■ **What this task involves**: All of the lines below are to be transcribed faithfully, with pictures excluded from the copy.

■ **Images for object localization**:
-----
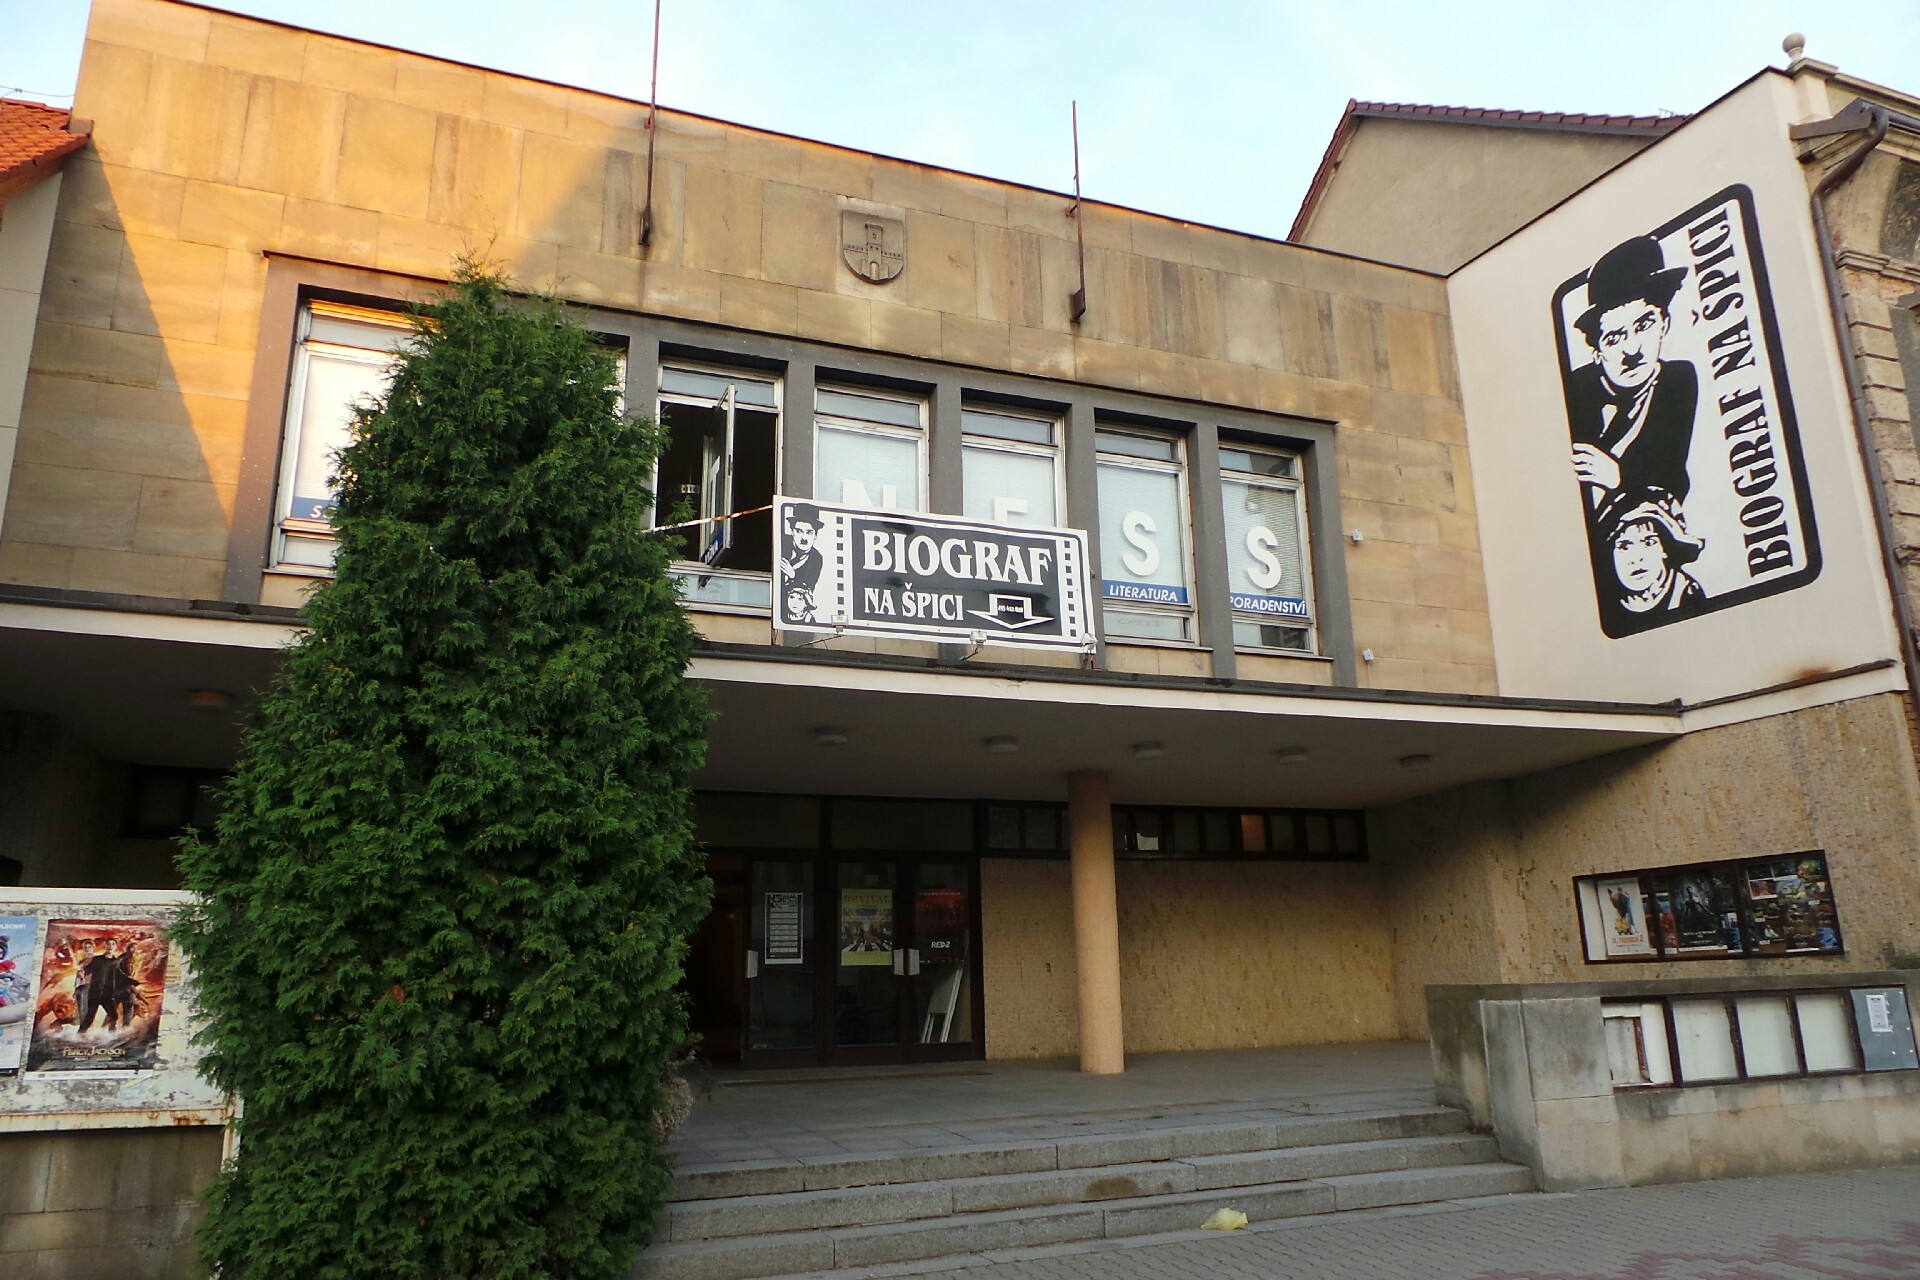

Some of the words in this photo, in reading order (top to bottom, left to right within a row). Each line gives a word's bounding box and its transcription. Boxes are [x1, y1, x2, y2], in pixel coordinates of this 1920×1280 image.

[1688, 207, 1745, 327] ŠPICI
[1707, 315, 1756, 381] NA
[1718, 385, 1794, 578] BIOGRAF
[862, 530, 1053, 586] BIOGRAF
[863, 587, 897, 616] NA
[902, 582, 964, 621] ŠPICI
[1109, 584, 1178, 602] LITERATURA
-----
■ **Solution for this problem**:
Some of the words in this photo, in reading order (top to bottom, left to right within a row). Each line gives a word's bounding box and its transcription. Boxes are [x1, y1, x2, y2], in pixel coordinates of this 1920×1280 image.

[1688, 207, 1745, 327] ŠPICI
[1707, 315, 1756, 381] NA
[1718, 385, 1794, 578] BIOGRAF
[862, 530, 1053, 586] BIOGRAF
[863, 587, 897, 616] NA
[902, 582, 964, 621] ŠPICI
[1109, 584, 1178, 602] LITERATURA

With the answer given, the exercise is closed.